WHAT TO WORK ON:
Apart from the pictures, output all of the records exactly.

Referring expression grounding data:
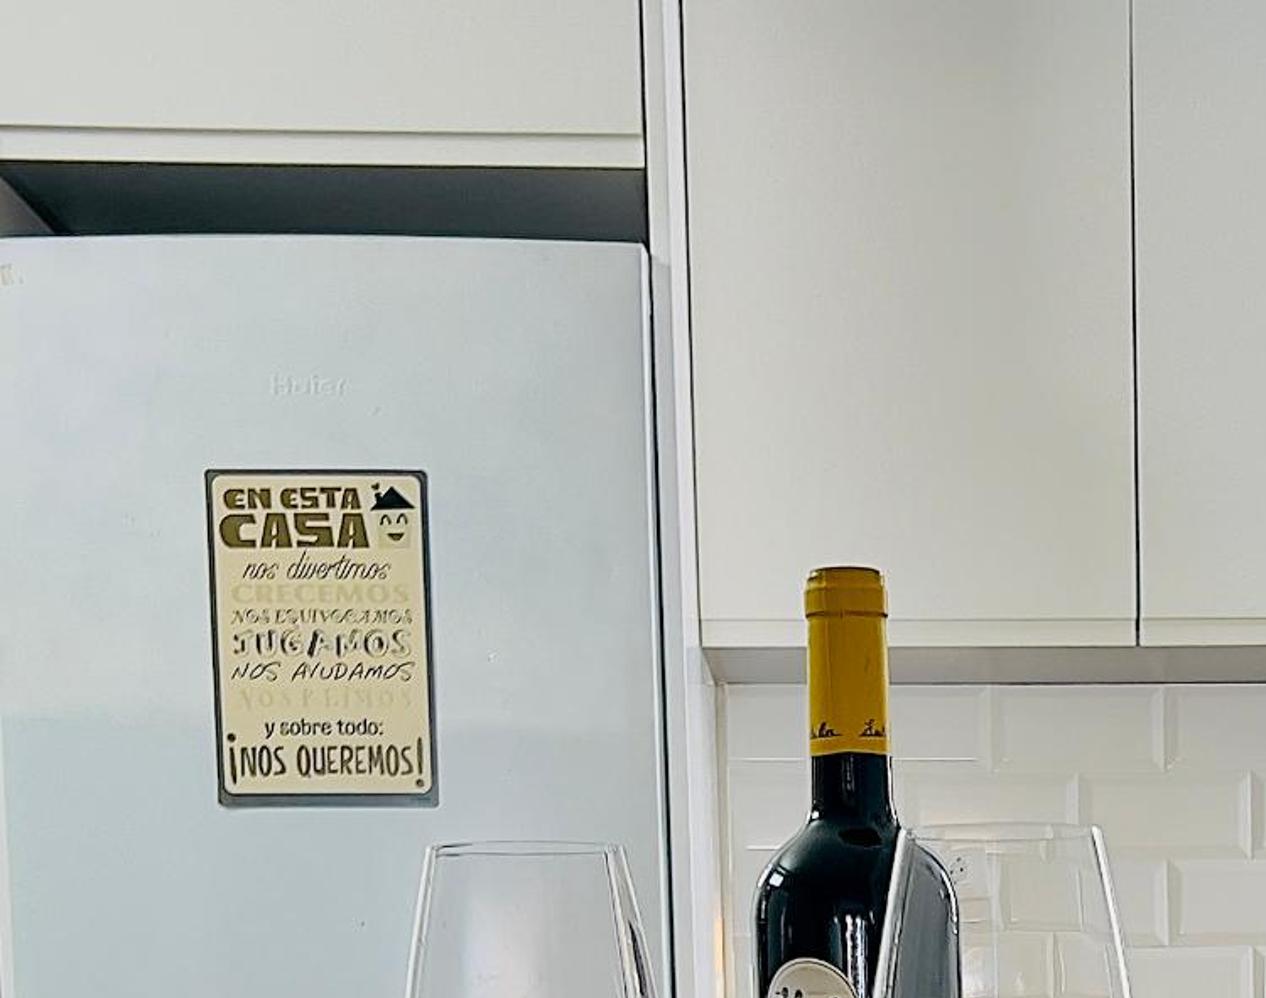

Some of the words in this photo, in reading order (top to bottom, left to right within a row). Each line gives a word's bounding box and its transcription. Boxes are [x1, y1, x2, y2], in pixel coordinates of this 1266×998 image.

[223, 487, 272, 510] EN
[279, 486, 362, 510] ESTA
[219, 512, 370, 549] CASA
[242, 561, 279, 580] nos
[286, 550, 391, 580] divertimos
[230, 583, 411, 604] CRECEMOS
[232, 627, 413, 659] JUGAMOS
[231, 661, 282, 682] NOS
[291, 660, 416, 682] AYUDAMOS
[264, 721, 275, 739] y
[279, 717, 332, 736] sobre
[336, 718, 385, 736] todo:
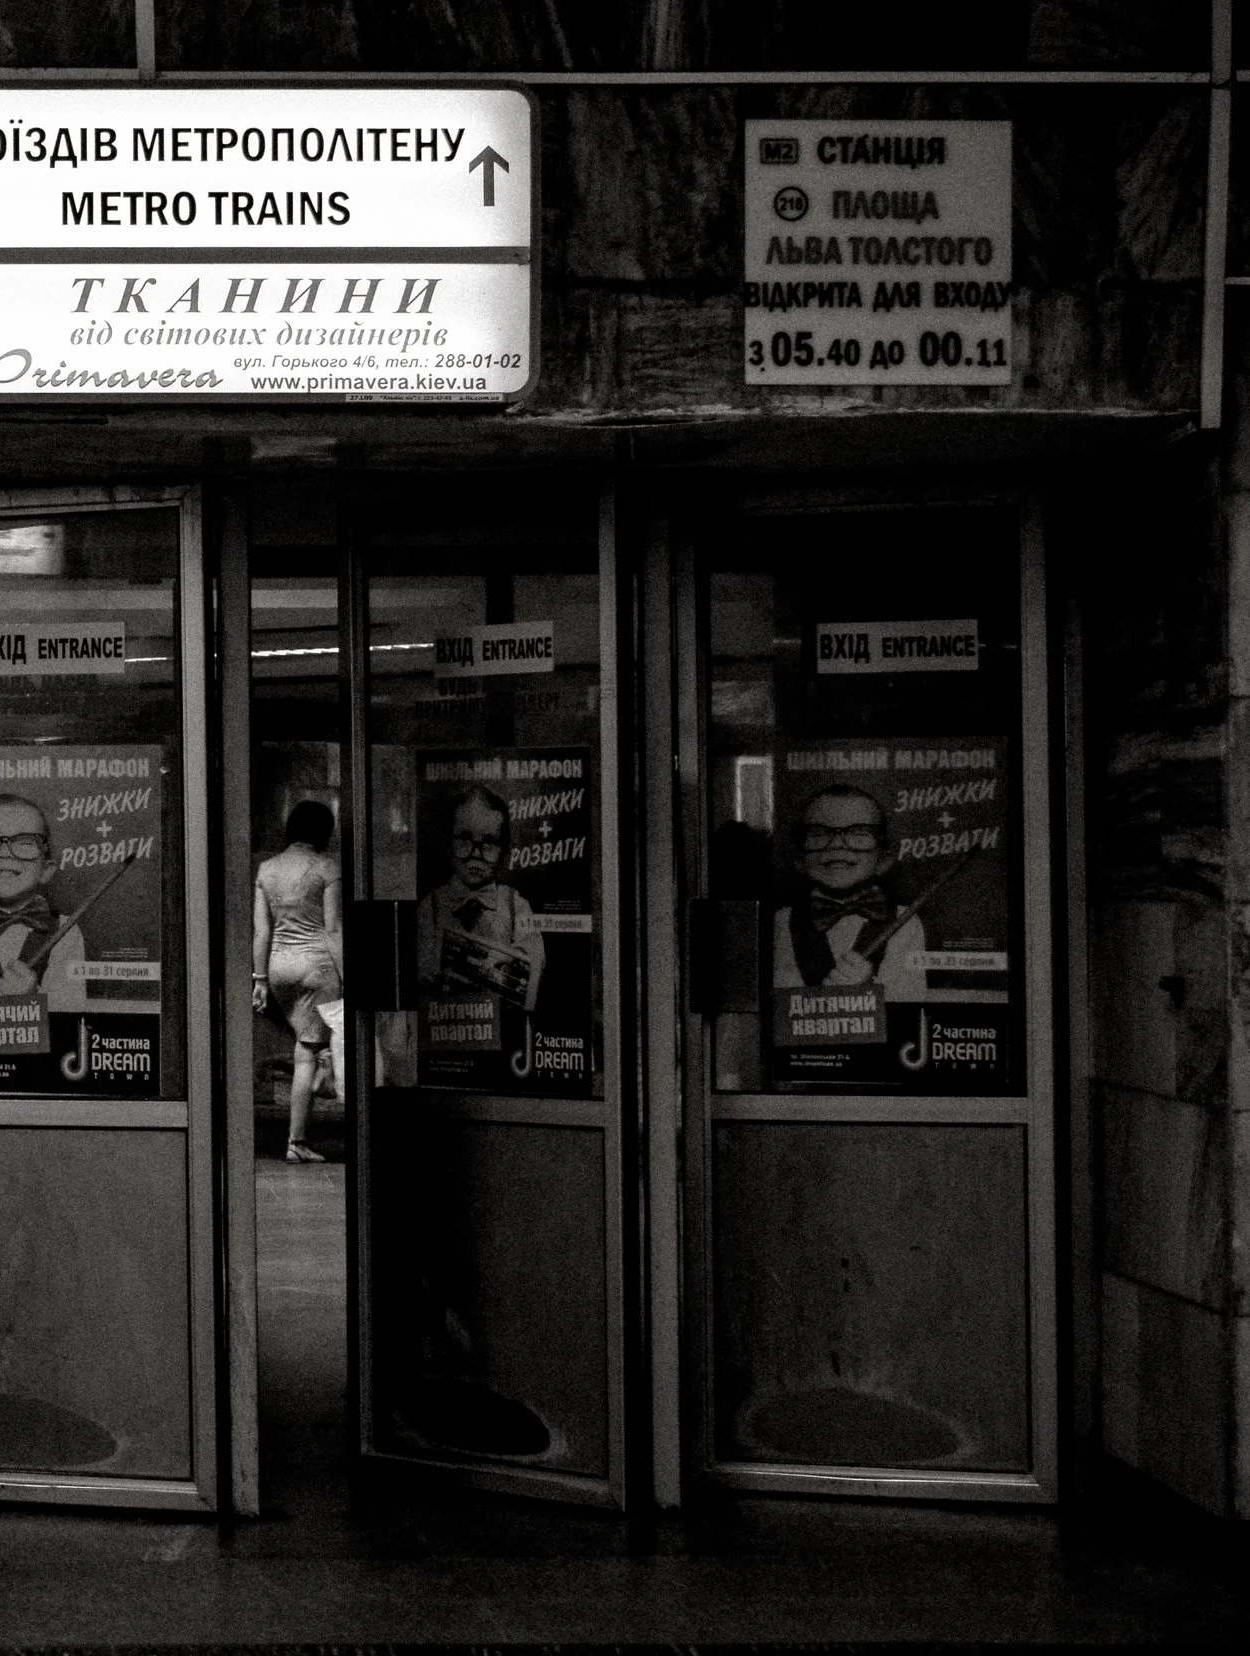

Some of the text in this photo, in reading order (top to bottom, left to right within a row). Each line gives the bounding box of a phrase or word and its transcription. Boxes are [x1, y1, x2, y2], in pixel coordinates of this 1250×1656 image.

[132, 126, 466, 163] МЕТРОПОЛІТЕНУ
[816, 136, 945, 169] СТАНЦІЯ
[62, 190, 351, 226] METRO TRAINS
[780, 197, 803, 211] 218
[832, 190, 940, 224] ПЛОЩА
[765, 236, 992, 265] ЛЬВА ТОЛСТОГО
[70, 277, 443, 314] ТКАНИНИ
[745, 281, 1011, 313] ВІДКРИТА ДЛЯ ВХОДУ
[70, 320, 448, 353] від світових дизайнерів
[771, 331, 860, 366] 05.40
[919, 331, 1007, 367] 00.11
[233, 353, 521, 370] вул. Горького 4/6, тел.: 288-01-02
[251, 374, 487, 392] www.primavera.kiev.ua
[38, 637, 123, 659] ENTRANCE
[436, 637, 552, 667] ВХІД ENTRANCE
[820, 634, 975, 663] ВХІД ENTRANCE
[57, 757, 149, 778] МАРАФОН
[506, 758, 583, 779] МАРАФОН
[895, 750, 996, 770] МАРАФОН
[56, 787, 152, 822] ЗНИЖКИ
[509, 788, 585, 821] ЗНИЖКИ
[894, 778, 998, 813] ЗНИЖКИ
[60, 836, 154, 871] РОЗВАГИ
[509, 836, 586, 870] РОЗВАГИ
[899, 827, 1000, 861] РОЗВАГИ
[789, 990, 876, 1017] Дитячий
[91, 1033, 150, 1050] 2 частина
[535, 1032, 584, 1049] 2 частина
[792, 1017, 876, 1037] квартал
[932, 1023, 997, 1040] 2 частина
[91, 1052, 151, 1072] DREAM
[535, 1051, 585, 1070] DREAM
[932, 1042, 997, 1061] DREAM
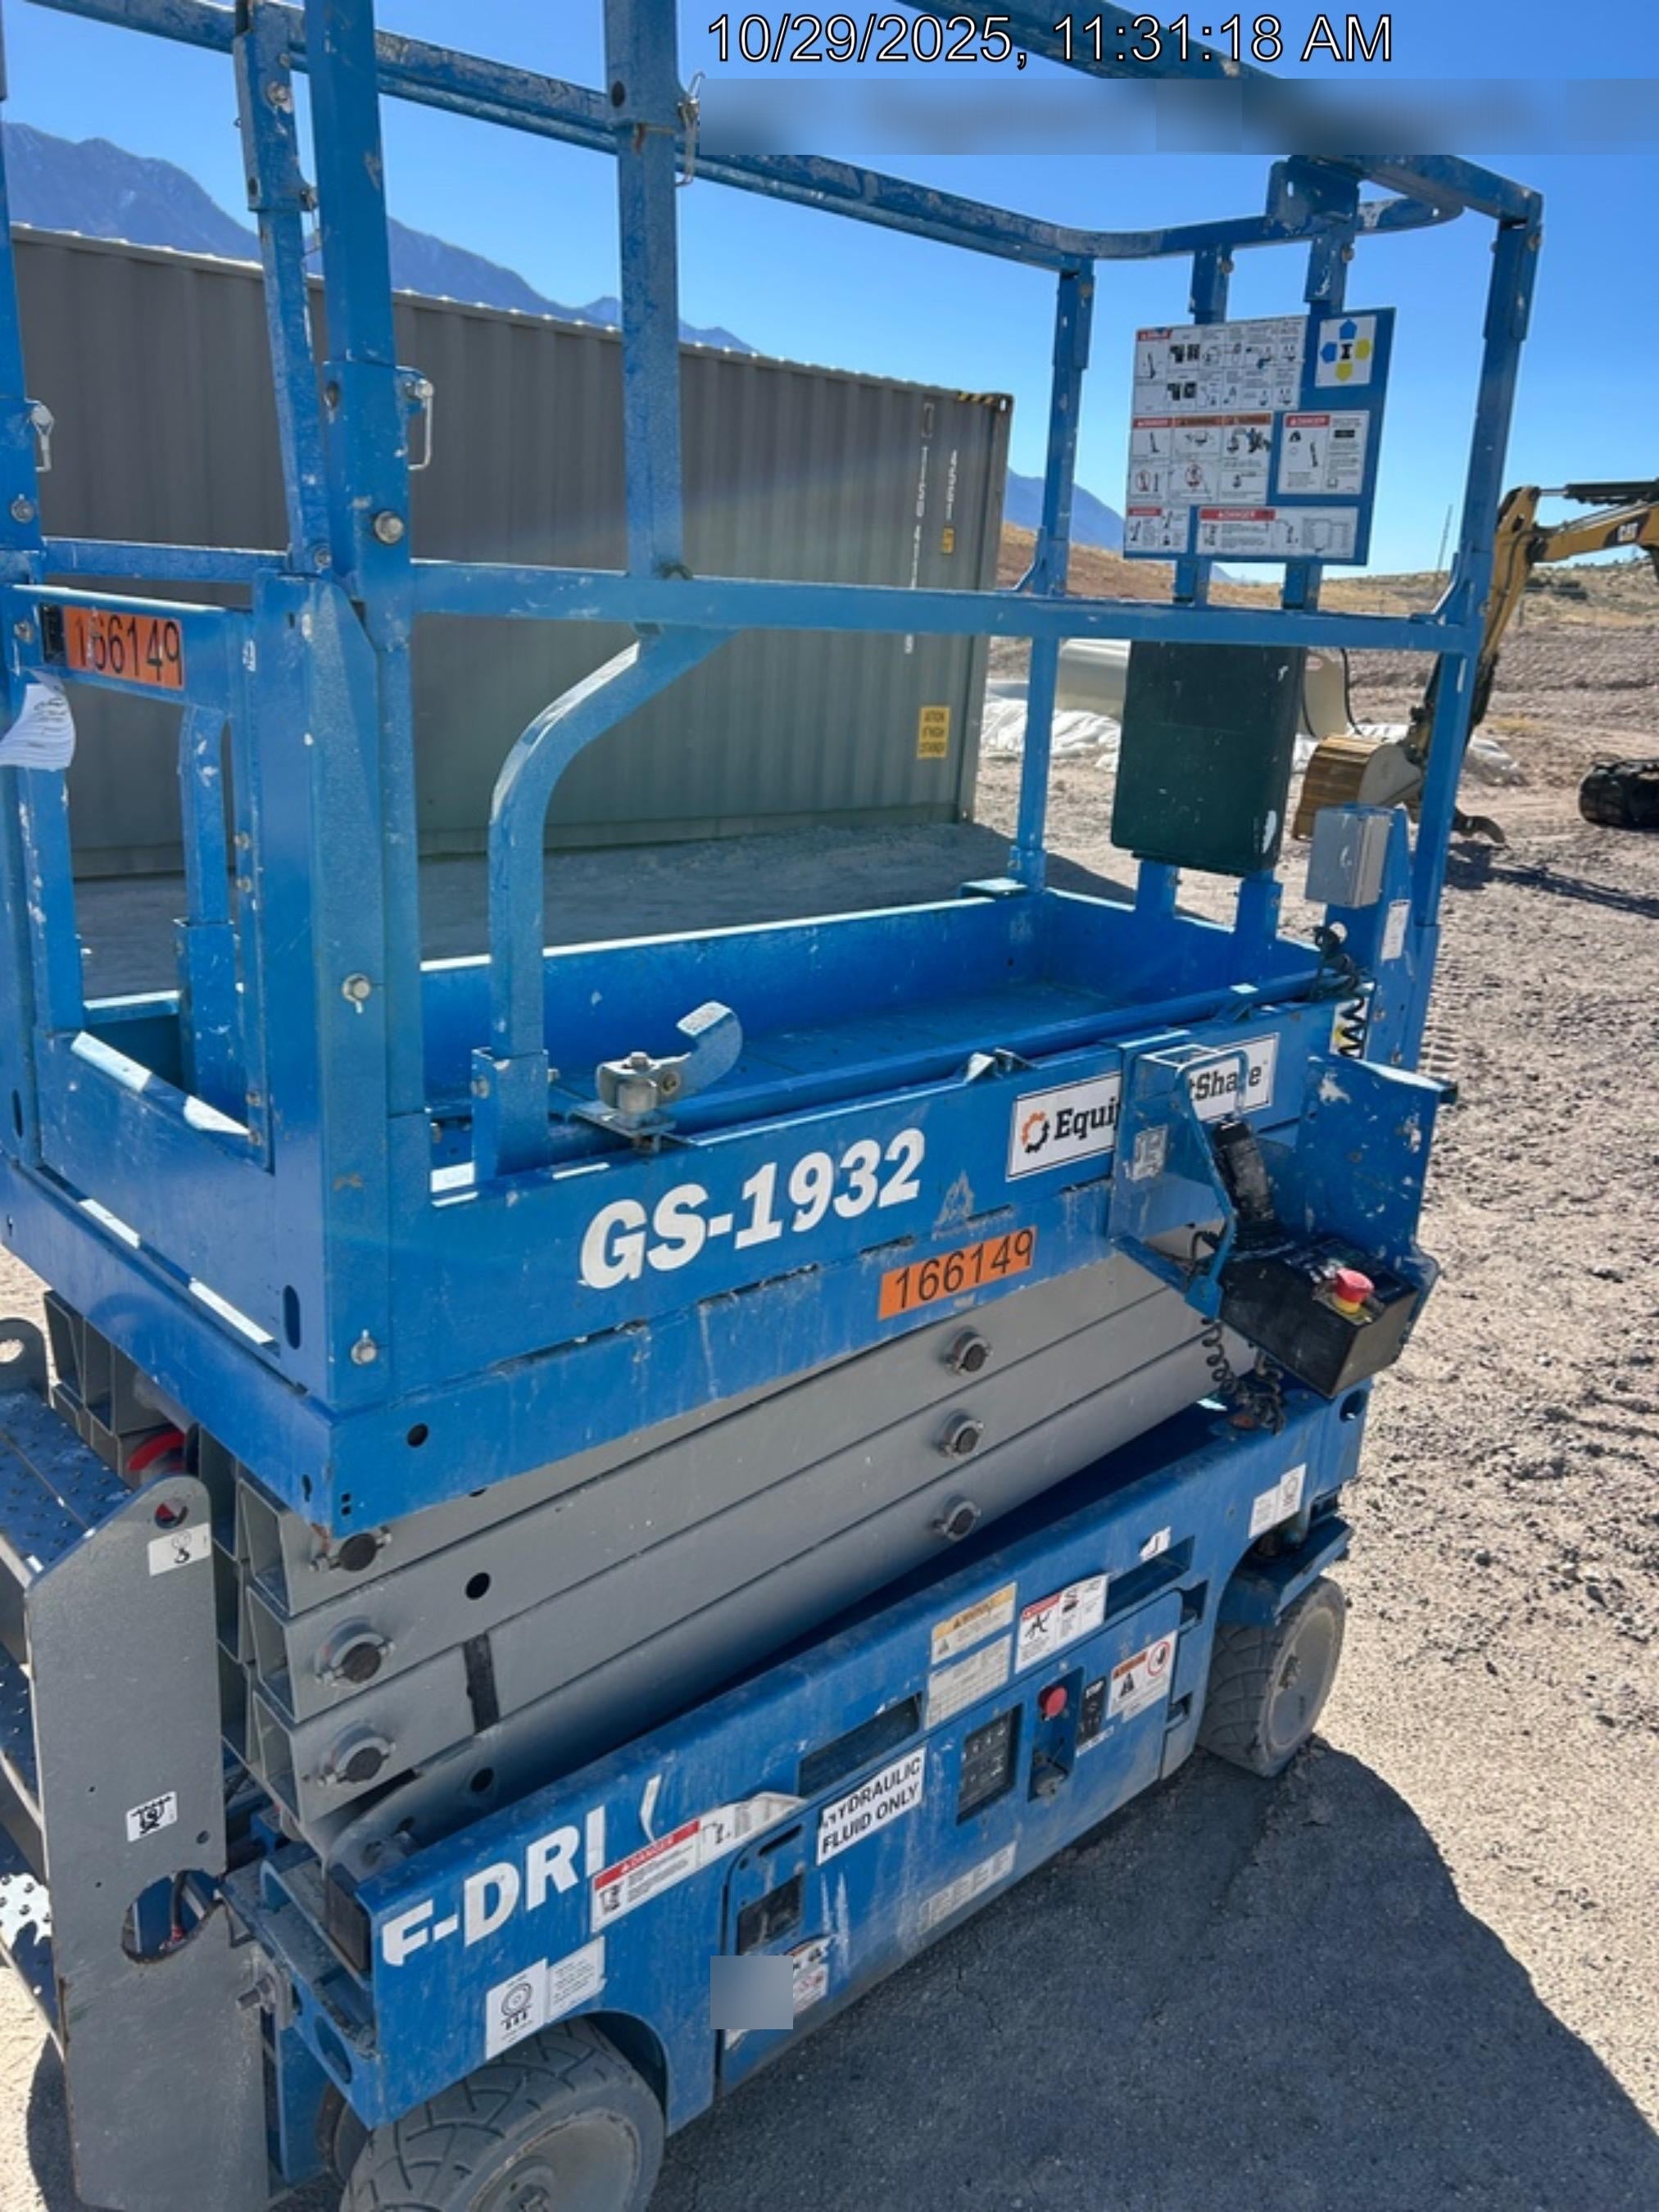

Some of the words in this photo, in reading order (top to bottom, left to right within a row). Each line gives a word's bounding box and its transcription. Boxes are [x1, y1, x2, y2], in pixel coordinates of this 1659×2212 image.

PROBLEM SOLUTION:
Some of the words in this photo, in reading order (top to bottom, left to right within a row). Each line gives a word's bounding box and its transcription. Boxes are [x1, y1, x2, y2], in pixel coordinates of this 1266×998 image.

[223, 487, 272, 510] EN
[279, 486, 362, 510] ESTA
[219, 512, 370, 549] CASA
[242, 561, 279, 580] nos
[286, 550, 391, 580] divertimos
[230, 583, 411, 604] CRECEMOS
[232, 627, 413, 659] JUGAMOS
[231, 661, 282, 682] NOS
[291, 660, 416, 682] AYUDAMOS
[264, 721, 275, 739] y
[279, 717, 332, 736] sobre
[336, 718, 385, 736] todo:

Some of the text in this photo, in reading order (top to bottom, left to right within a row). Each line gives the bounding box of a phrase or word and its transcription. Boxes are [x1, y1, x2, y2], in pixel coordinates of this 1250×1656 image.

[132, 126, 466, 163] МЕТРОПОЛІТЕНУ
[816, 136, 945, 169] СТАНЦІЯ
[62, 190, 351, 226] METRO TRAINS
[780, 197, 803, 211] 218
[832, 190, 940, 224] ПЛОЩА
[765, 236, 992, 265] ЛЬВА ТОЛСТОГО
[70, 277, 443, 314] ТКАНИНИ
[745, 281, 1011, 313] ВІДКРИТА ДЛЯ ВХОДУ
[70, 320, 448, 353] від світових дизайнерів
[771, 331, 860, 366] 05.40
[919, 331, 1007, 367] 00.11
[233, 353, 521, 370] вул. Горького 4/6, тел.: 288-01-02
[251, 374, 487, 392] www.primavera.kiev.ua
[38, 637, 123, 659] ENTRANCE
[436, 637, 552, 667] ВХІД ENTRANCE
[820, 634, 975, 663] ВХІД ENTRANCE
[57, 757, 149, 778] МАРАФОН
[506, 758, 583, 779] МАРАФОН
[895, 750, 996, 770] МАРАФОН
[56, 787, 152, 822] ЗНИЖКИ
[509, 788, 585, 821] ЗНИЖКИ
[894, 778, 998, 813] ЗНИЖКИ
[60, 836, 154, 871] РОЗВАГИ
[509, 836, 586, 870] РОЗВАГИ
[899, 827, 1000, 861] РОЗВАГИ
[789, 990, 876, 1017] Дитячий
[91, 1033, 150, 1050] 2 частина
[535, 1032, 584, 1049] 2 частина
[792, 1017, 876, 1037] квартал
[932, 1023, 997, 1040] 2 частина
[91, 1052, 151, 1072] DREAM
[535, 1051, 585, 1070] DREAM
[932, 1042, 997, 1061] DREAM

Some of the words in this photo, in reading order (top to bottom, left to right within a row). Each line gives a word's bounding box and its transcription. Boxes are [x1, y1, x2, y2], in pixel coordinates of this 1659×2212 image.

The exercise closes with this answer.